Il primo inaugurerà (dal 1° maggio al 12 giugno) lo spazio che nel padiglione rossocrociato, denominato Confooderatio Helvetica (con un gioco di parole che si rifà al tema del cibo, cui è dedicato l'appuntamento lombardo) è riservato alle città con un'esposizione consacrata alle innovazioni che hanno visto la luce in riva al Reno e che hanno cambiato il mondo. Il secondo presenterà (dal 17 giugno al 2 agosto) un'istallazione legata all'acqua, "Energia per la vita". Anche il terzo (dal 17 al 31 ottobre) consacrerà all'oro blu l'area assegnatagli, proponendo però "un viaggio estetico e sensoriale".

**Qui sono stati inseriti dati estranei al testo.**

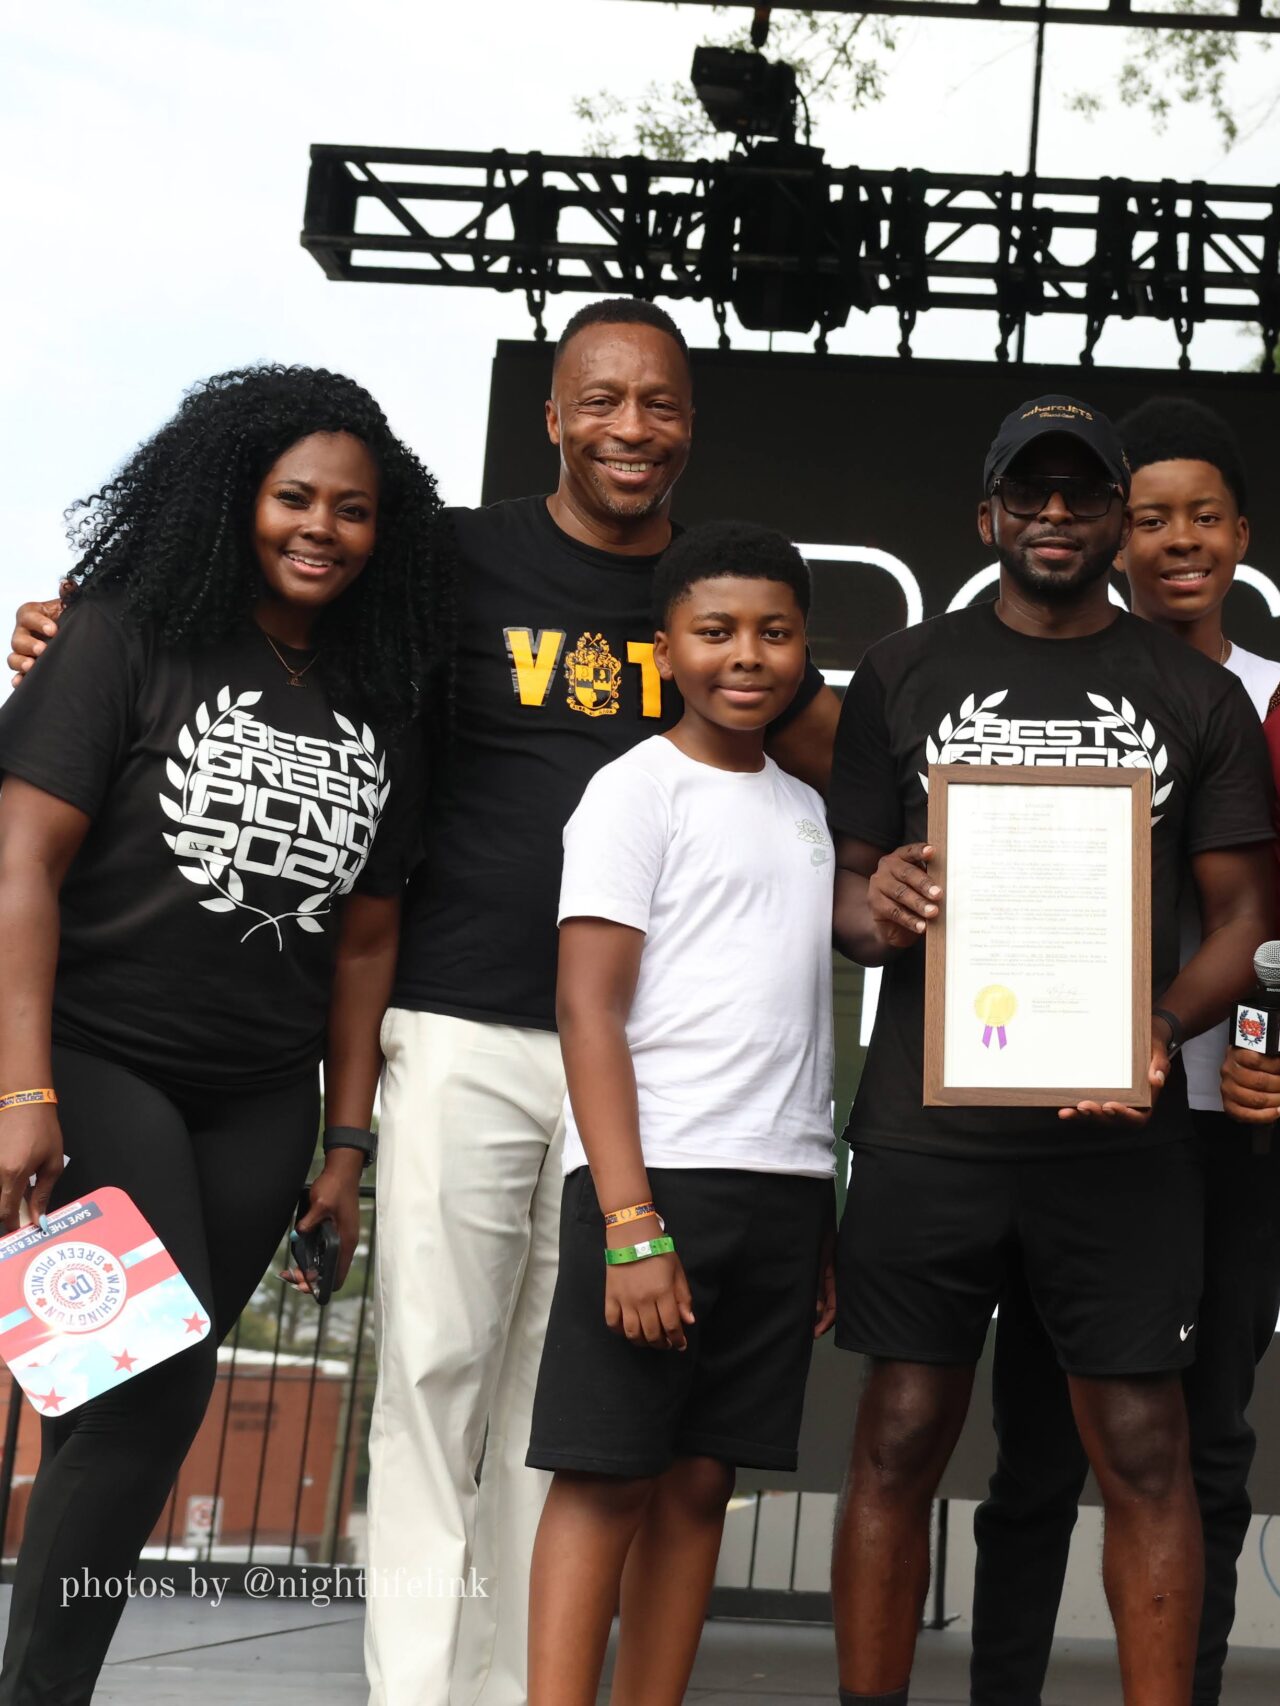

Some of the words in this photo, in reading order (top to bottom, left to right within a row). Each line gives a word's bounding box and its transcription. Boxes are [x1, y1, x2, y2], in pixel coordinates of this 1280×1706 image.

[233, 718, 365, 773] BEST
[973, 718, 1117, 747] BEST
[940, 744, 1151, 769] GREEK
[197, 738, 378, 820] GREEK
[188, 771, 373, 857] PICNIC
[48, 1223, 69, 1235] THE
[67, 1208, 92, 1225] SAVE
[25, 1229, 50, 1246] DATE
[57, 1247, 105, 1267] GREEK
[31, 1255, 57, 1296] PICNIC
[44, 1273, 121, 1327] WASHINGTON
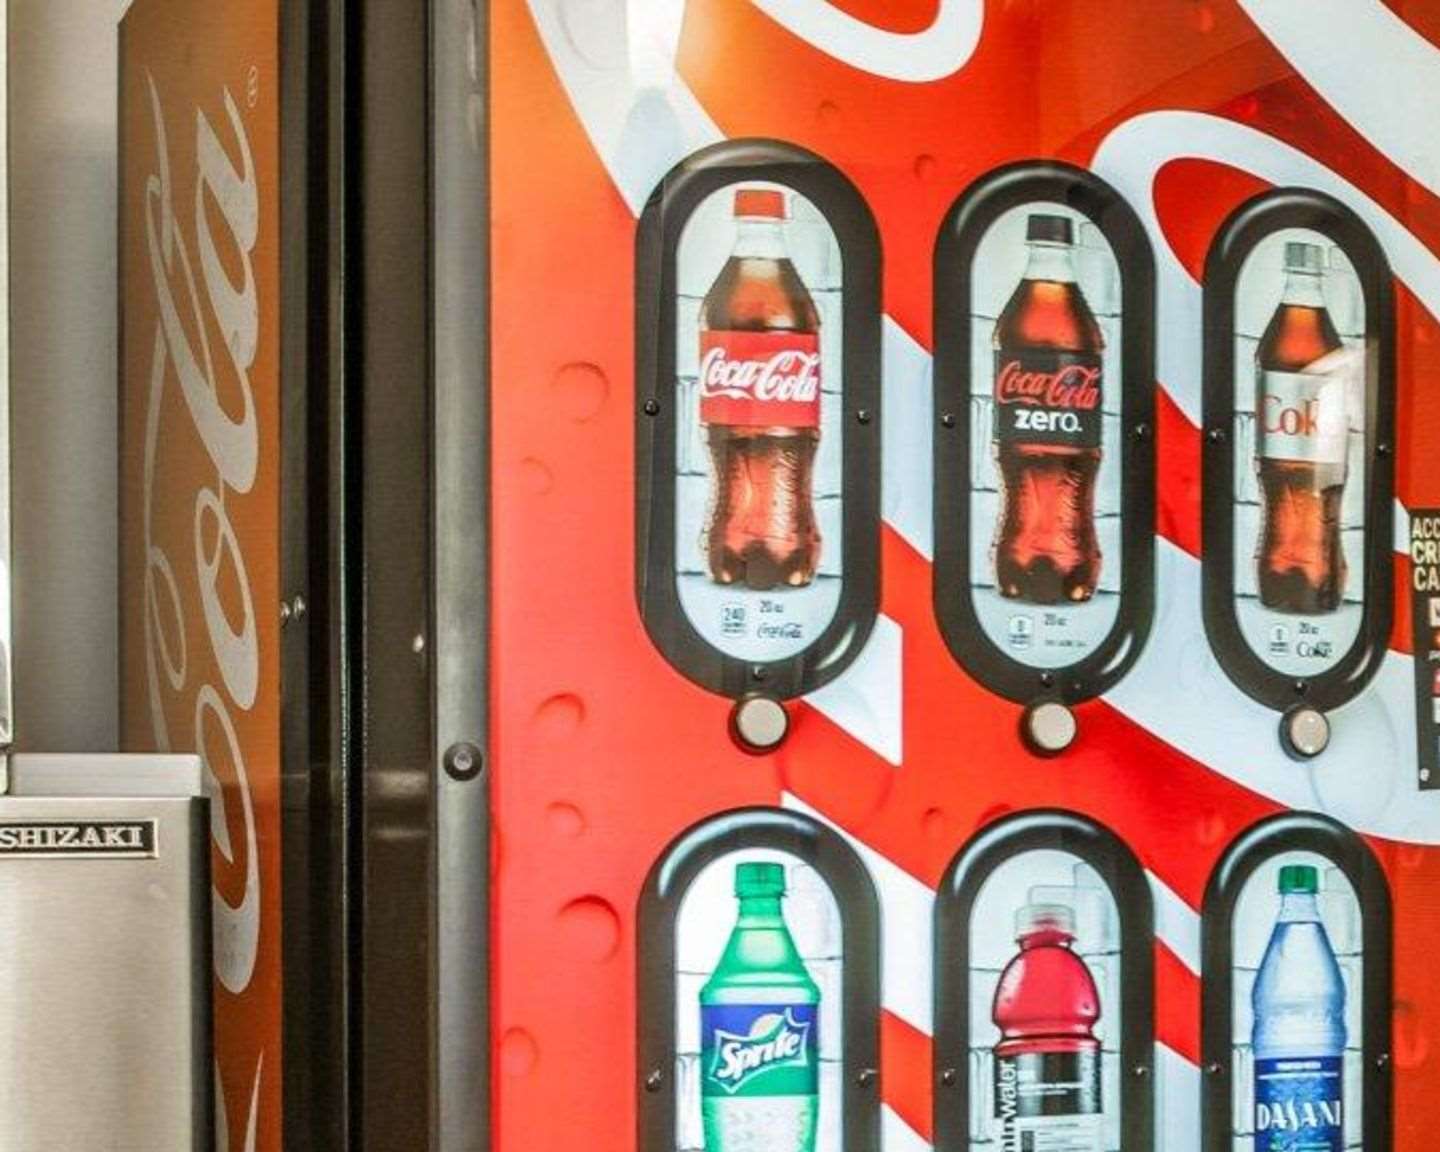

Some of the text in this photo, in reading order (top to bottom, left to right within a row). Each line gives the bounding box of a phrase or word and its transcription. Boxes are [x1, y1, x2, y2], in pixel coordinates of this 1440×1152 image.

[701, 347, 819, 402] Coca-Cola
[996, 360, 1101, 410] Coca-Cola
[0, 826, 144, 848] SHIZAKI
[716, 1026, 801, 1080] Sprite
[1256, 1096, 1341, 1132] DASANI
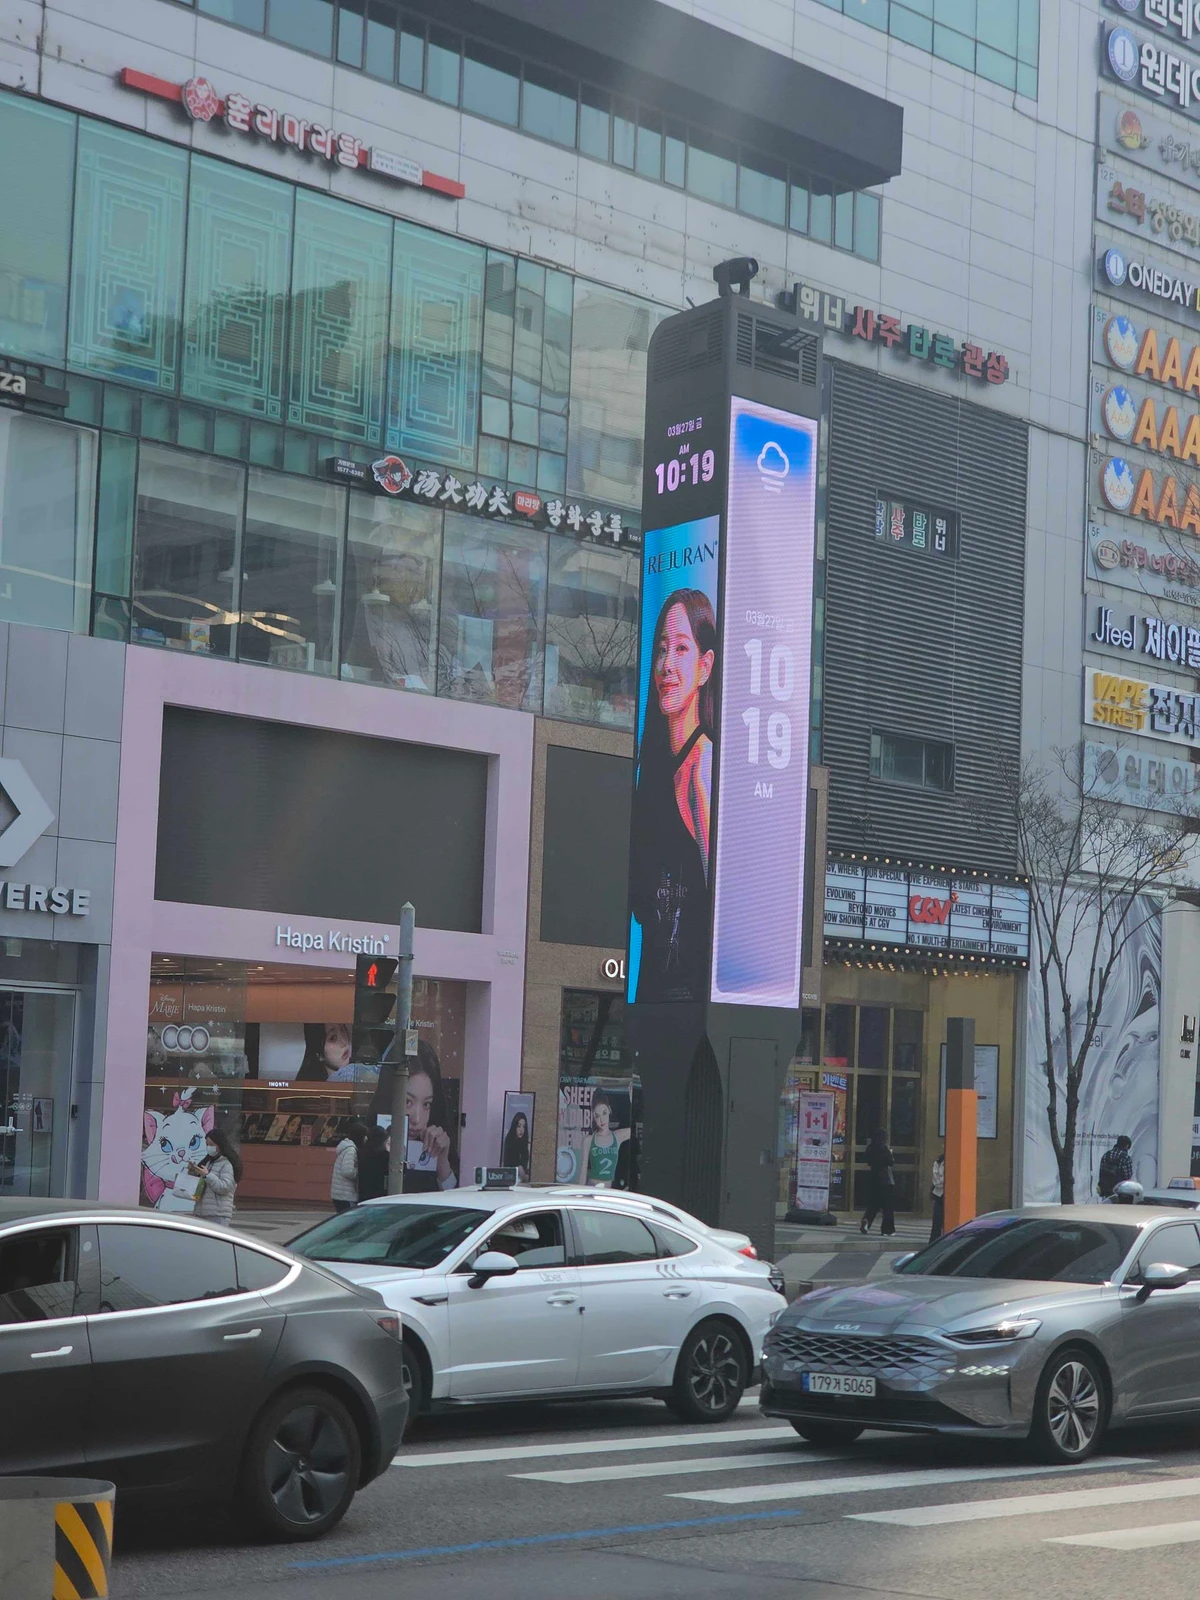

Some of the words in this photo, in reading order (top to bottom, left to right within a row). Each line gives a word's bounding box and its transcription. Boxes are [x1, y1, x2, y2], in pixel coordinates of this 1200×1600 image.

[226, 92, 363, 170] 춘리마라탕
[1129, 262, 1193, 307] ONEDAY
[1096, 311, 1107, 323] 5F
[801, 285, 843, 330] 위너
[852, 305, 901, 347] 사주
[907, 323, 956, 370] 타로
[962, 342, 1009, 386] 관상
[1094, 382, 1105, 394] 5F
[667, 420, 695, 437] 03월27일
[678, 443, 690, 456] AM
[1093, 453, 1103, 466] 5F
[655, 449, 715, 495] 10:19
[516, 493, 541, 511] 마라탕
[647, 541, 716, 576] REJURAN
[1095, 606, 1137, 650] Jfeel
[743, 637, 795, 702] 10
[1093, 672, 1149, 709] VAPE
[1093, 702, 1147, 730] STREET
[741, 706, 792, 770] 19
[753, 781, 774, 799] AM
[838, 863, 857, 877] WHERE
[858, 865, 878, 879] YOUR
[878, 868, 901, 882] SPECIAL
[923, 875, 957, 890] EXPERIENCE
[958, 879, 980, 893] STARTS
[826, 888, 856, 901] EVOLVING
[848, 902, 873, 915] BEYOND
[874, 905, 897, 918] MOVIES
[909, 895, 951, 925] CGV
[951, 903, 972, 916] LATEST
[972, 906, 1003, 919] CINEMATIC
[839, 914, 868, 927] SHOWING
[869, 917, 877, 928] AT
[877, 918, 891, 930] CGV
[982, 918, 1022, 933] ENVIRONMENT
[275, 925, 324, 953] Hapa
[989, 942, 1018, 955] PLATFORM
[188, 1003, 206, 1013] Hapa
[205, 1003, 226, 1013] Kristin
[805, 1111, 829, 1130] 1+1
[599, 1158, 613, 1175] 2
[488, 1171, 503, 1181] Uber
[538, 1271, 562, 1283] Uber
[843, 1377, 873, 1394] 5065

Per realizzare i progetti verranno spesi, a testa, da 1,3 a 1,5 milioni di franchi. Mezzi importanti che si spera servano per fare apparire le tre città come stuzzicanti mete turistiche. Anche perché, superando i luoghi comuni, si deve sapere che la Confederazione non è solo cioccolato, formaggio, orologi e montagne.
ATS/dg
Dal TG20
Le ONG criticano la presenza di Syngenta
Nell'esposizione della città renana una parte sarà finanziata da Syngenta e affronterà la questione delle sfide per l'agricoltura e per l'alimentazione a livello mondiale. La presenza del gruppo agrochimico è stata criticata da una coalizione di organizzazioni non governative (ONG). In una nota parlano di «monopolio di pensiero» da parte di una multinazionale che avrà l'opportunità di presentare la sua strategia in modo unilaterale. Un'accusa respinta dal presidente del Governo basilese Guy Morin: il confronto critico sui temi in discussione «è importante e ci sarà» ha assicurato spiegando che Syngenta partecipa alle spese con 200'000 franchi.